検体希釈液は、生体試料中の赤血球を溶血させるため、また、生体試料の展開性を向上させるために、免疫反応に影響しないノニオン性界面活性剤を含むことが好ましい。ノニオン性界面活性剤としては、ポリオキシエチレンアルキルフェニルエーテル(Triton(登録商標)系界面活性剤等)、ポリオキシエチレンアルキルエーテル(Brij(登録商標)系界面活性剤等)、ポリオキシエチレンソルビタン脂肪酸エステル(Tween(登録商標)系界面活性剤等)、ポリオキシエチレン脂肪酸エステル、ソルビタン脂肪酸エステル、アルキルグルコシド、ショ糖脂肪酸エステル等が挙げられる。また、前記界面活性剤は単独で用いても、二種以上を組み合わせて用いてもよい。また、検体希釈液中の界面活性剤の濃度は、0.01質量%~0.2質量%が好ましく、0.05質量%~0.2質量%がより好ましく、0.05質量%~0.15質量%がさらに好ましい。濃度が低すぎると、生体試料希釈液が展開しにくく、濃度が高すぎると、テストラインのシグナルが低くなる。
また、検体希釈液は、競合反応の効率化、促進、特異性向上のために、ポリエチレングリコールおよび塩化ナトリウムを含んでいることが好ましい。

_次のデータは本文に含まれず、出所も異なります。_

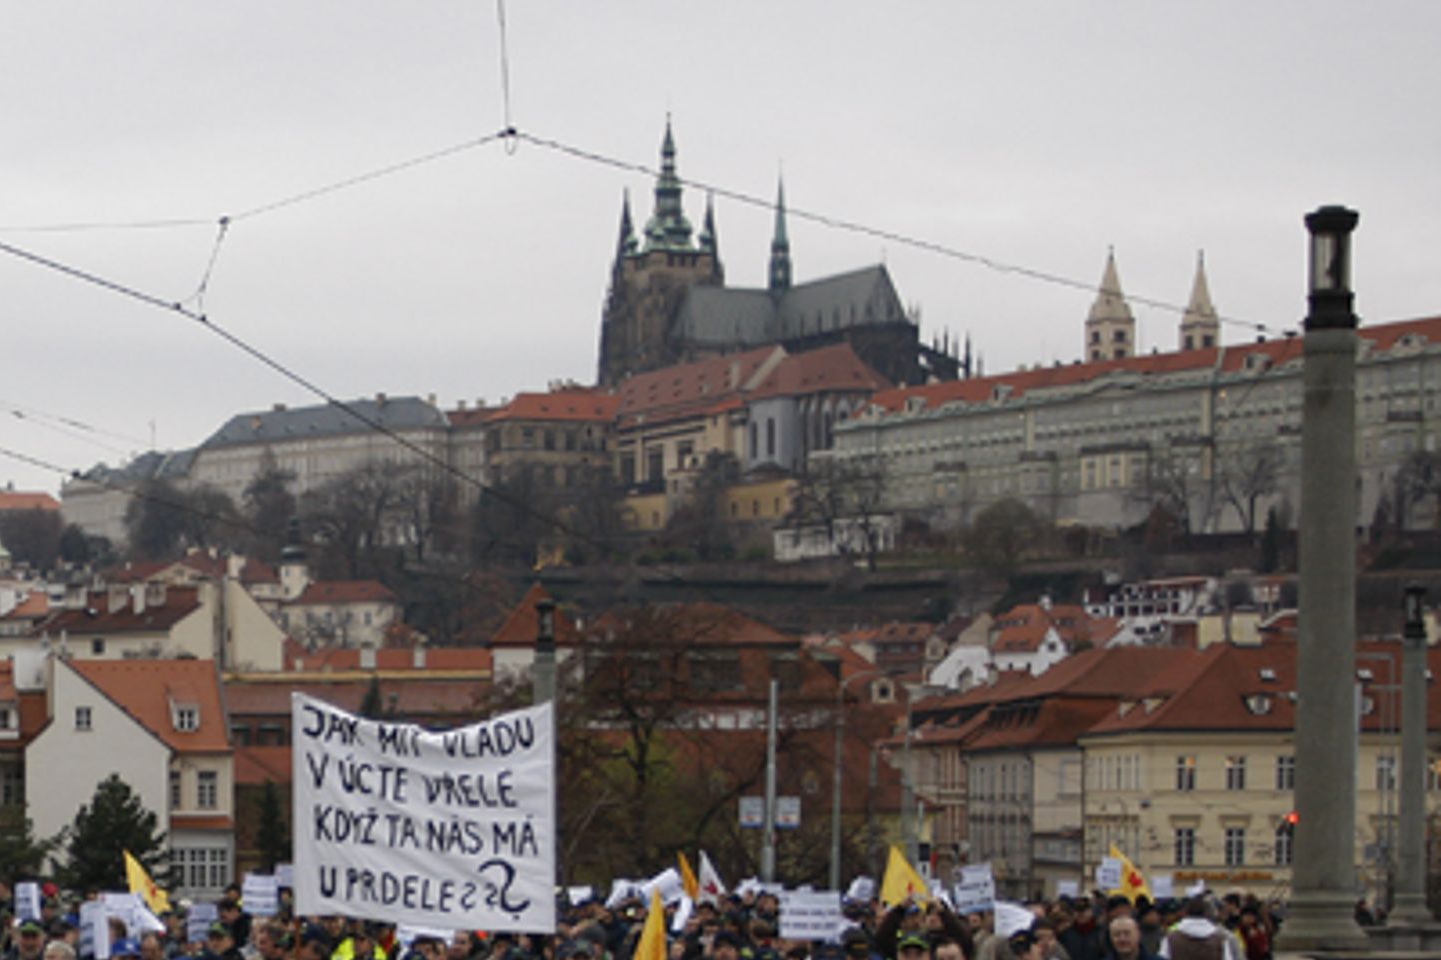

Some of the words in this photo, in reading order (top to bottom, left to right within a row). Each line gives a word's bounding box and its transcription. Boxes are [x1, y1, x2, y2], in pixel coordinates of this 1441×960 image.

希釈液へのポリエチレングリコールおよび塩化ナトリウムの添加濃度は、生体試料の希釈倍率も考慮して検体希釈液中の終濃度がそれぞれ、1質量%~4質量%、1質量%~3質量%となるようにするのが好ましい。なお、使用するポリエチレングリコールの数平均分子量は、好ましくは2000~16000であり、より好ましくは5000~10000である。数平均分子量が小さい場合、本発明に適した充分な抗原抗体反応の促進作用が得られないことがある。また、数平均分子量が大きい場合、同様に、抗原抗体反応の促進作用が得られないとか、検体希釈液の粘性が高くなり、イムノクロマトストリップ上の展開性が低下することがある。
(標識体)
本発明において、標識体は、ビタミンAに結合した化合物に対する抗体に標識物質を結合させたものを用いるのが好ましい。抗体は、ビタミンAに結合した化合物に対する抗体であればよく、ポリクローナル抗体であってもモノクローナル抗体であってもよいが、反応特異性の観点からモノクローナル抗体であることが好ましい。

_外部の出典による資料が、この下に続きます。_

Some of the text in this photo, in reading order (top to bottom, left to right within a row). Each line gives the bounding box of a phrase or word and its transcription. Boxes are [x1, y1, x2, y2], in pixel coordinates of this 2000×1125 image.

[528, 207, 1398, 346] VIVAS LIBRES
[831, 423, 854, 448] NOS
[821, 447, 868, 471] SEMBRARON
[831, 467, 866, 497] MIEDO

標識物質は特に制限はなく、例えば、呈色(蛍光を含む)標識物質、酵素標識物質などが挙げられるが、迅速に検査結果が得られることから呈色標識物質であることが好ましい。呈色標識物質としては、コロイド金属および着色ラテックス粒子、着色セルロース粒子などが挙げられる。コロイド金属の代表例としては、白金コロイド、金コロイド、銀コロイド、白金コロイド、パラジウムコロイド、金ナノロッド、金ナノプレート、銀ナノプレートなどが挙げられる。コロイド金属の粒子の大きさは通常、直径3~100nm程度とされる。着色ラテックスの代表例としては、赤色および青色などのそれぞれの顔料で着色されたポリスチレンラテックス、ポリメタクリル酸メチル、アクリル酸重合体などが挙げられる。ラテックス粒子の粒径としては特に制限されないが、粒径25~500nmのものが好ましい。この他に、市販されている着色セルロース粒子なども使用出来る。セルロース粒子の粒径としては特に制限されないが、粒径100~500nmのものが好ましい。蛍光標識物質としてはポリスチレン、ポリメタクリル酸メチル、ポリビニルトルエン、シリカなどの材質からなるものを例示することができ、蛍光色素としてはフルオレセインおよびその誘導体、ローダミンおよびその誘導体、シアニンおよびその誘導体などを例示することができる。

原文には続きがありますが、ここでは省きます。